Replication stress induces mitotic death through parallel pathways regulated by WAPL and telomere deprotection.

Author information

1
Children's Medical Research Institute, University of Sydney, Westmead, NSW, 2145, Australia.
2
The Walter and Eliza Hall Institute of Medical Research, Parkville, VIC, 3052, Australia.
3
Department of Medical Biology, The University of Melbourne, Parkville, VIC, 3052, Australia.
4
Institute for Integrative Biology of the Cell (I2BC), CEA, CNRS, Univ.

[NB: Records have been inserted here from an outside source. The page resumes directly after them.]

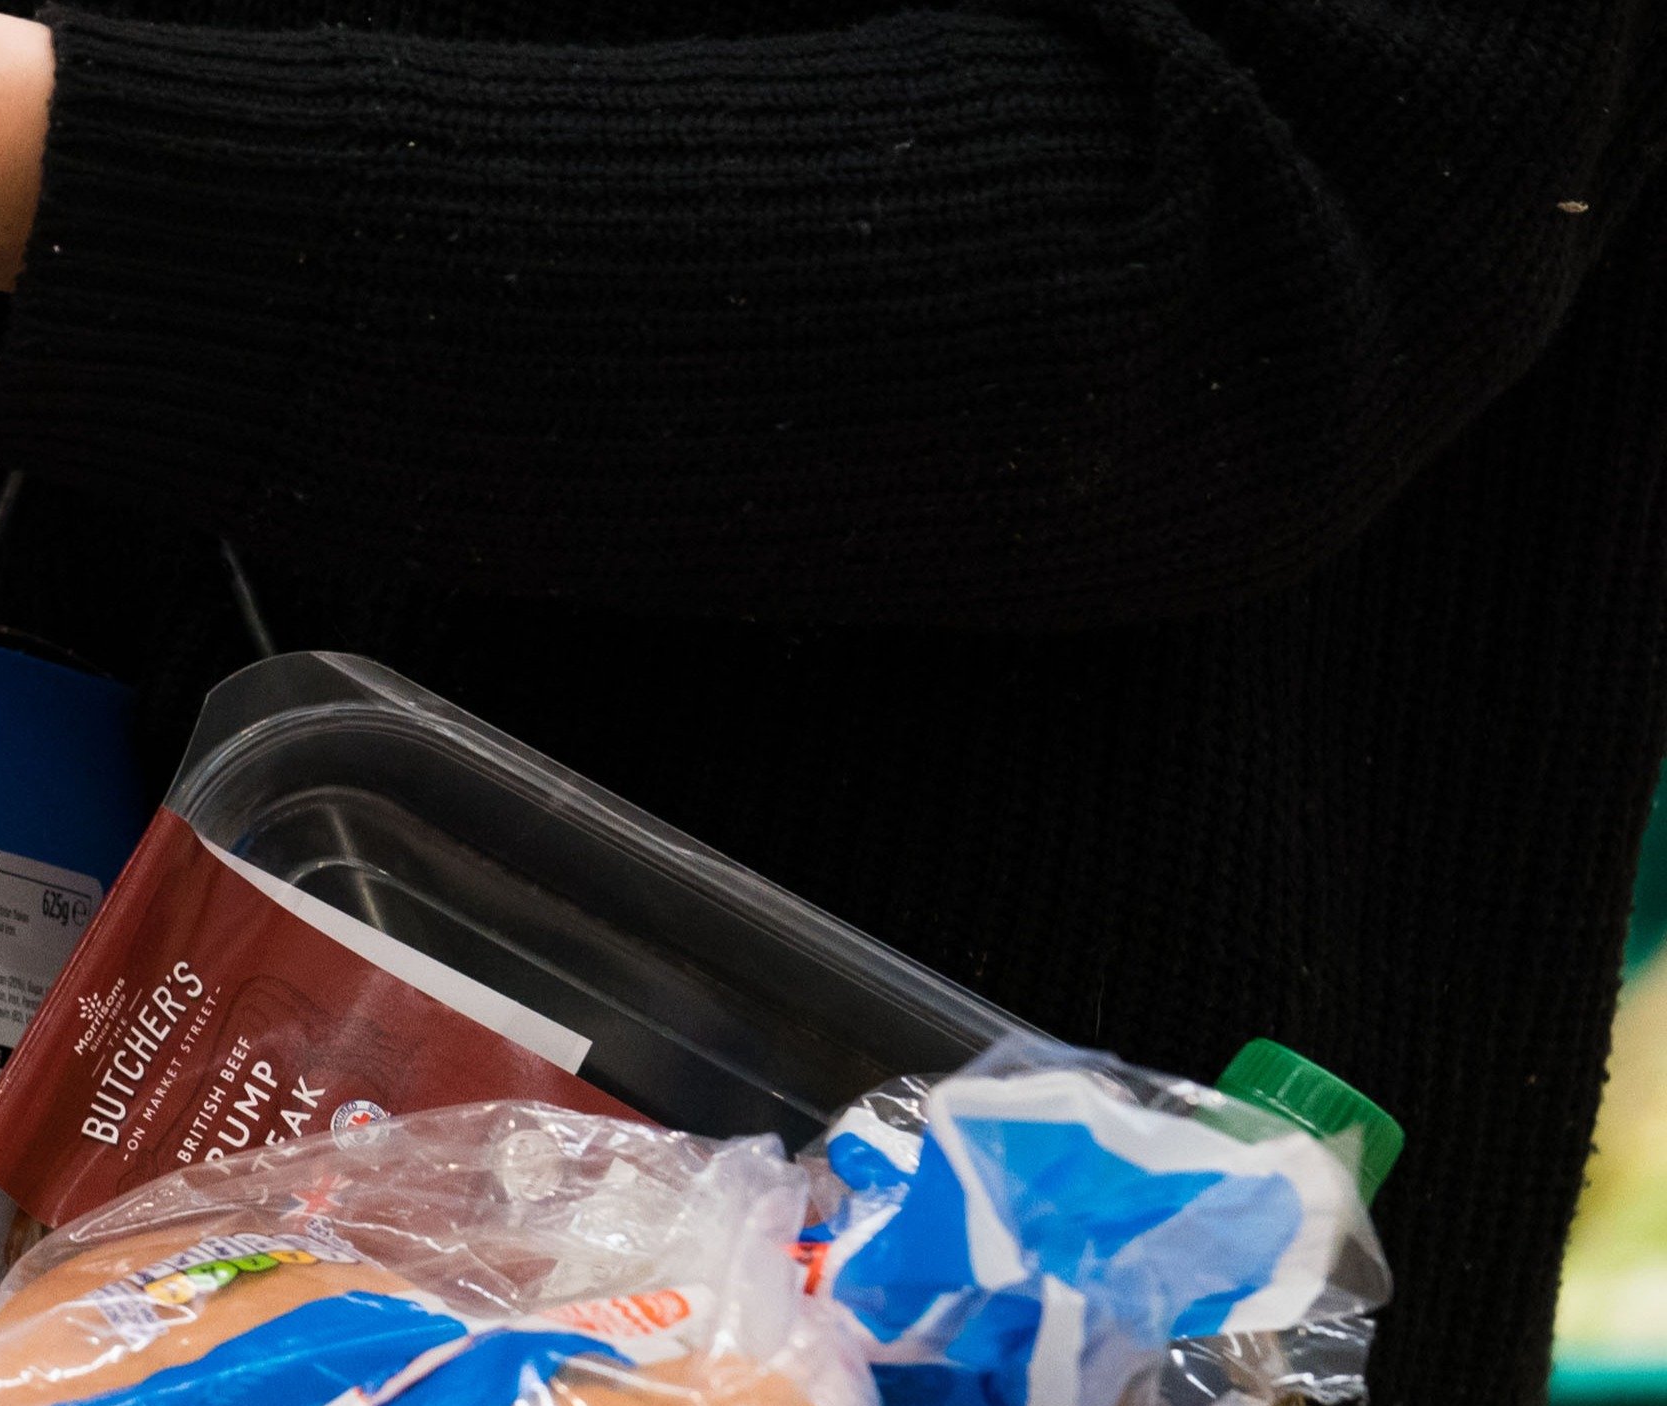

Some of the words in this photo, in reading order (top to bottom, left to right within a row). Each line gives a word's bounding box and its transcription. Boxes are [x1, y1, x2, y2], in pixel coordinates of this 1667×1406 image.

[42, 889, 70, 926] 625g
[74, 977, 125, 1056] Morrisons
[81, 961, 204, 1145] BUTCHER'S
[89, 1022, 111, 1053] Since
[107, 1017, 128, 1049] THE
[126, 1126, 146, 1151] ON
[142, 1057, 183, 1122] MARKET
[180, 996, 217, 1054] STREET
[176, 1085, 227, 1164] BRITISH
[219, 1035, 252, 1083] BEEF
[204, 1060, 279, 1176] RUMP
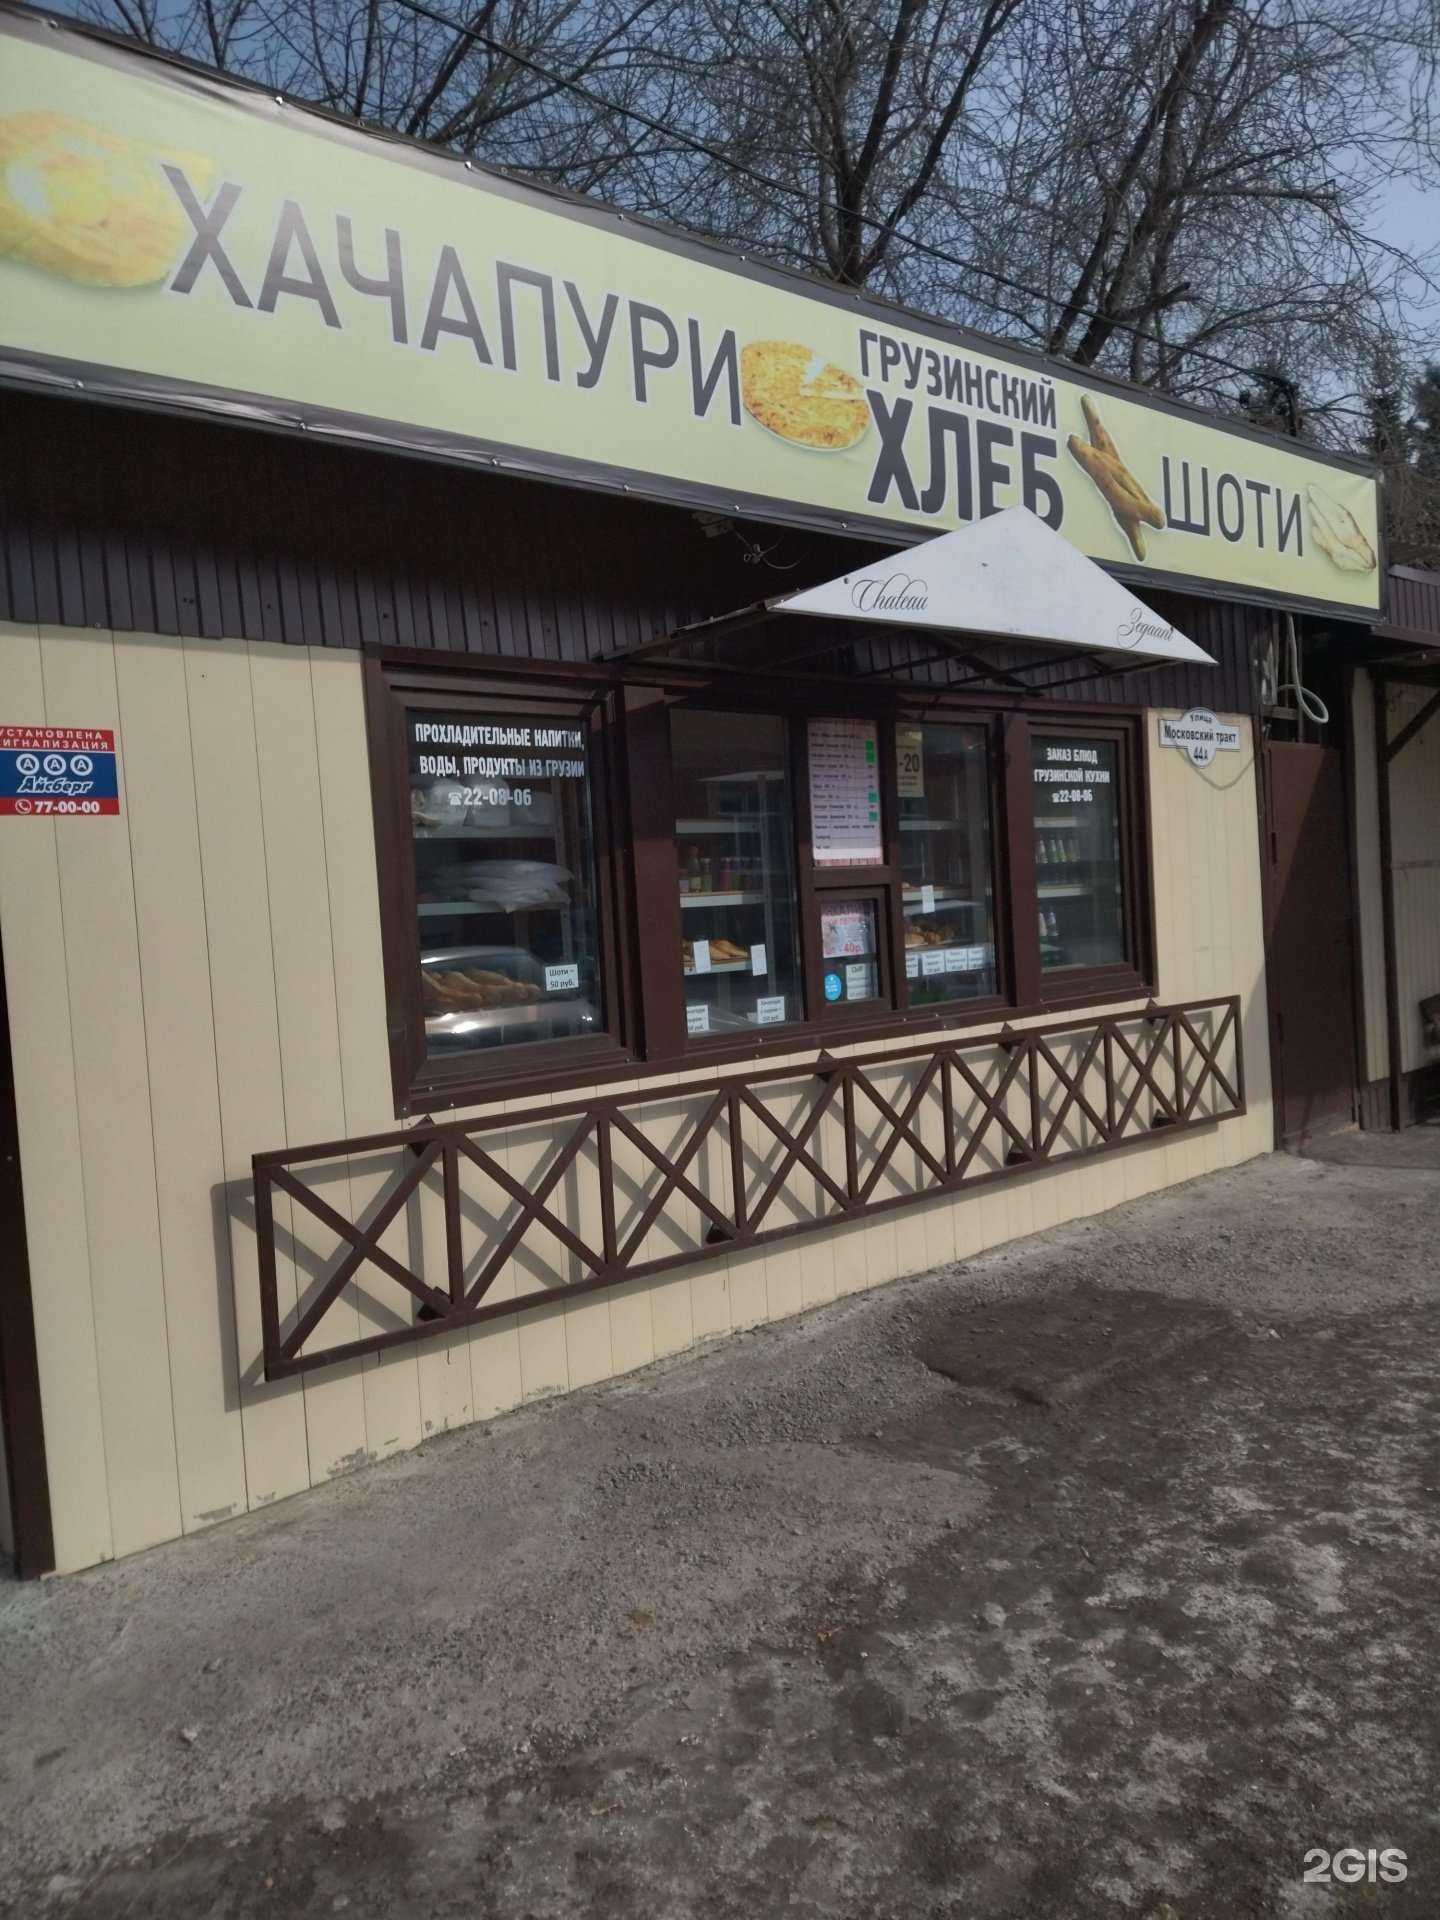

Paris-Sud, Université Paris-Saclay, 91198, Gif-sur-Yvette cedex, France.
5
LBCMCP, Centre de Biologie Intégrative (CBI), Université de Toulouse, CNRS/UPS, Toulouse, France.
6
The Salk Institute for Biological Studies, Molecular and Cell Biology Department, La Jolla, CA, 92037, USA.
7
Department of Gene Mechanisms, Graduate School of Biostudies/The Hakubi Center for Advanced Research, Kyoto University, Yoshida-Konoe-cho, Sakyo-ku, Kyoto, 606-8501, Japan.
8
Children's Medical Research Institute, University of Sydney, Westmead, NSW, 2145, Australia. tcesare@cmri.org.au.

Abstract

Mitotic catastrophe is a broad descriptor encompassing unclear mechanisms of cell death. Here we investigate replication stress-driven mitotic catastrophe in human cells and identify that replication stress principally induces mitotic death signalled through two independent pathways. In p53-compromised cells we find that lethal replication stress confers WAPL-dependent centromere cohesion defects that maintain spindle assembly checkpoint-dependent mitotic arrest in the same cell cycle. Mitotic arrest then drives cohesion fatigue and triggers mitotic death through a primary pathway of BAX/BAK-dependent apoptosis. Simultaneously, a secondary mitotic death pathway is engaged through non-canonical telomere deprotection, regulated by TRF2, Aurora B and ATM. Additionally, we find that suppressing mitotic death in replication stressed cells results in distinct cellular outcomes depending upon how cell death is averted. These data demonstrate how replication stress-induced mitotic catastrophe signals cell death with implications for cancer treatment and cancer genome evolution.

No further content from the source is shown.